C’est un cri d’alarme qui résonne dans un silence assourdissant. Alors qu’en France, Emmanuel Macron promet, après le meurtre d’une surveillante de collège, une interdiction prochaine des réseaux sociaux pour les moins de 15 ans, le dernier rapport KidsRights 2025, publié ce 11 juin, dresse un constat glaçant : la santé mentale des enfants s’effondre, et les plateformes numériques en sont les principaux accélérateurs.
Des chiffres qui font froid dans le dos
Plus de 14% des jeunes âgés de 10 à 19 ans souffrent aujourd’hui de troubles mentaux. Chez les 15-19 ans, le taux de suicide atteint 6 pour 100.000. Ces chiffres, probablement sous-estimés selon KidsRights, témoignent d’une crise mondiale sans précédent. Entre 2018 et 2022, l’usage problématique des réseaux sociaux chez les 11-15 ans a bondi de 7 à 11% dans 44 pays, soit une augmentation de près de 60%. Derrière ces pourcentages, des vies brisées et des familles désemparées.
Les réseaux sociaux, accélérateurs de crise
Le rapport KidsRights pointe du doigt la « corrélation troublante » entre la détérioration de la santé mentale des enfants et l’utilisation compulsive des réseaux sociaux.

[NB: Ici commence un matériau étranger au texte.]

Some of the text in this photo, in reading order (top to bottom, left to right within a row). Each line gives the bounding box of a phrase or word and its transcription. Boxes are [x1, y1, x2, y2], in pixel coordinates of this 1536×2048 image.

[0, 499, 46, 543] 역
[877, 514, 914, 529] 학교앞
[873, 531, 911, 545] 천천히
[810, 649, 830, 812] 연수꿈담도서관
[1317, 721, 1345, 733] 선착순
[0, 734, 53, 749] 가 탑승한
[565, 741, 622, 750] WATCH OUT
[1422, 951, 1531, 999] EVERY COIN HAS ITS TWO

Les plateformes, obsédées par l’engagement et le profit, laissent les enfants sombrer dans une dépendance numérique toxique, sans garde-fous sérieux. Isolement, anxiété, tentatives de suicide : les dégâts sont planétaires, du Canada à la Chine. Marc Dullaert, président de KidsRights, ne mâche pas ses mots : « La crise de la santé mentale de nos enfants a atteint un point de rupture, aggravée par la passivité des géants du numérique. »
Le rapport dénonce aussi la lenteur des réponses politiques. Les dispositifs techniques pour limiter l’accès existent, mais ils sont déjà obsolètes face à la ruse des adolescents et faciles à contourner grâce à la technique VPN. Pendant ce temps, les géants du web engrangent des profits colossaux et les États tergiversent.
Interdire, mais comment ?
KidsRights met en garde : interdire sans réflexion, c’est risquer de priver les enfants de leurs droits fondamentaux. Ce qui explique que, hors dictatures comme la Chine, aucun pays à Etat de droit robuste ne se soit lancé dans l’aventure. Parmi les Occidentaux, l’Australie fait exception, avec la limitation d’accès aux réseaux sociaux depuis fin 2024 pour les moins de seize ans.

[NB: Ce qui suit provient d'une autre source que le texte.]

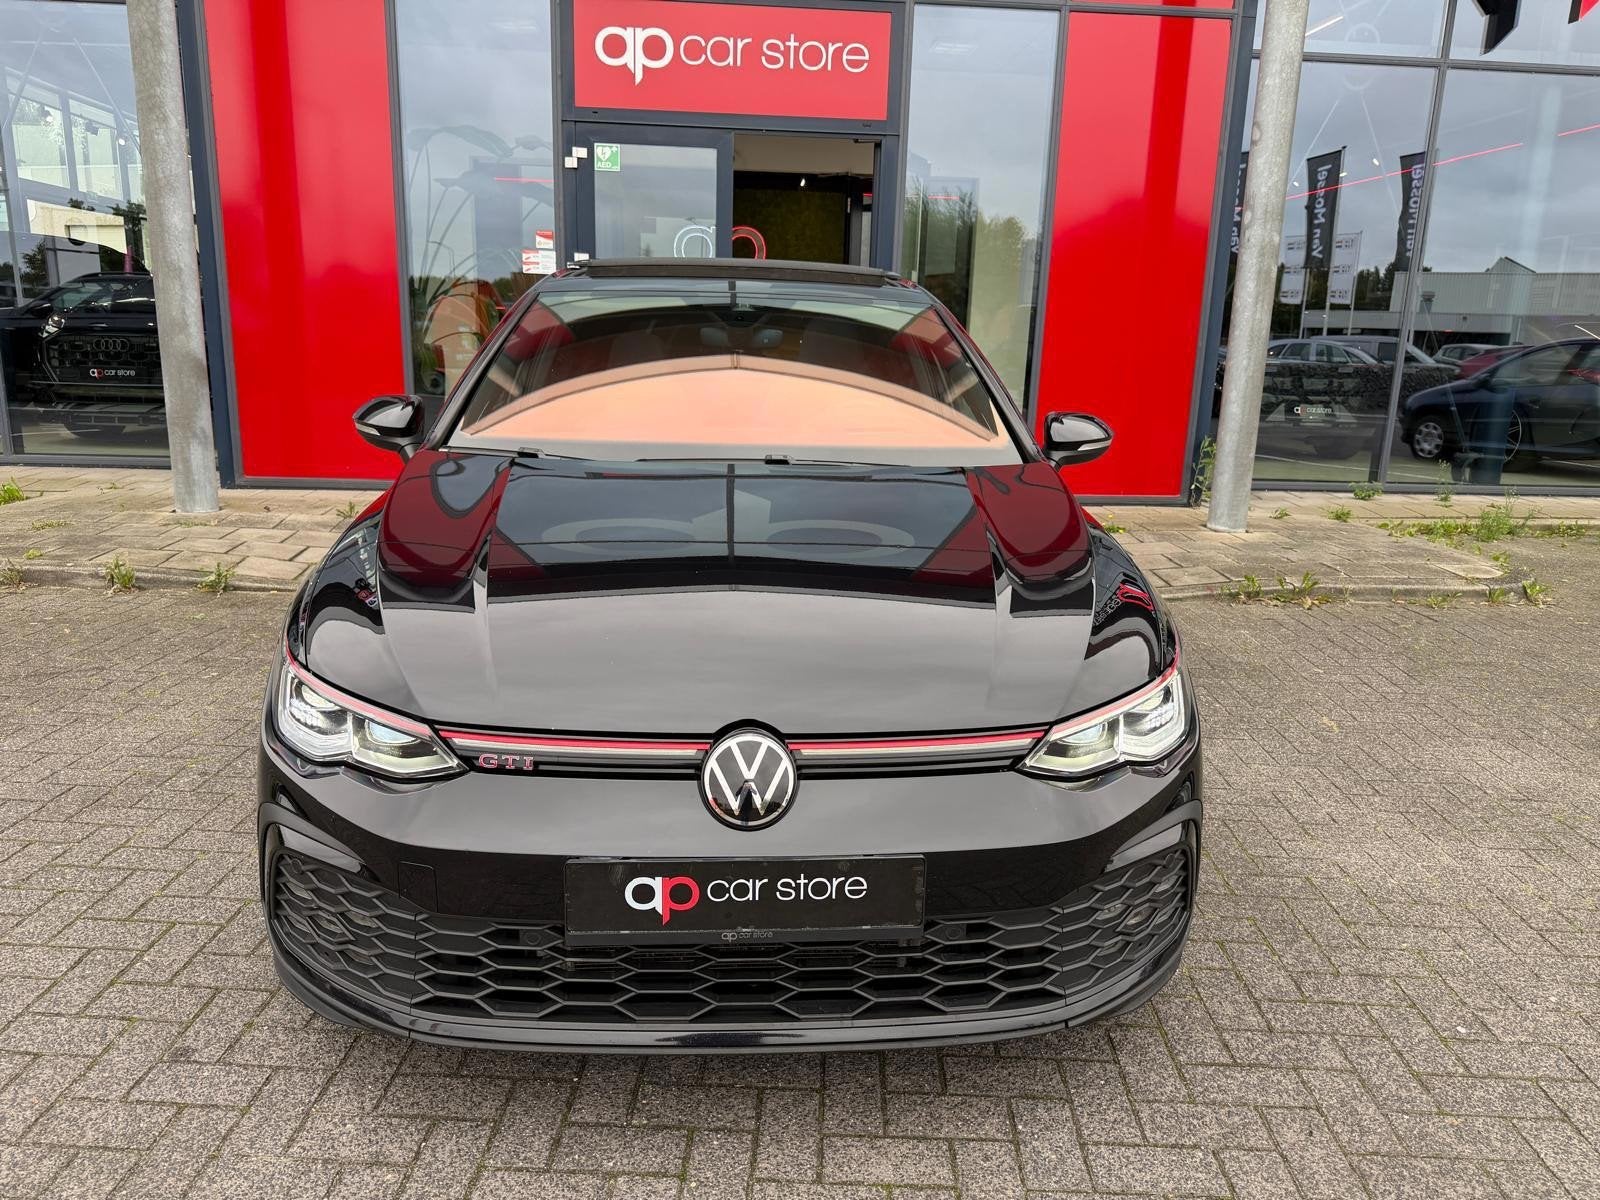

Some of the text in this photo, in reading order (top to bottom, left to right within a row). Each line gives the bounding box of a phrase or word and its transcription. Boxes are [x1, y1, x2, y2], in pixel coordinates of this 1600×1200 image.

[679, 34, 752, 67] car
[761, 33, 870, 73] store
[597, 161, 612, 169] AED
[117, 368, 136, 376] store
[479, 753, 534, 770] GTI
[707, 878, 769, 902] car
[776, 873, 868, 901] store
[739, 931, 752, 939] car
[753, 931, 774, 939] store

Mais l’inaction serait pire encore. Il est urgent d’imposer des évaluations d’impact, de contraindre les plateformes à rendre des comptes, de former les professionnels de santé et d’éduquer massivement les jeunes à l’usage du numérique. « Il faut agir, et vite. Les enfants ne sont pas des cobayes pour les algorithmes des réseaux sociaux », martèle Marc Dullaert. Laisser la révolution digitale sans contrôle, c’est sacrifier une génération sur l’autel du profit. Le rapport KidsRights 2025 appelle à une mobilisation internationale et à placer la protection du bien-être des enfants au-dessus des intérêts économiques des géants du numérique.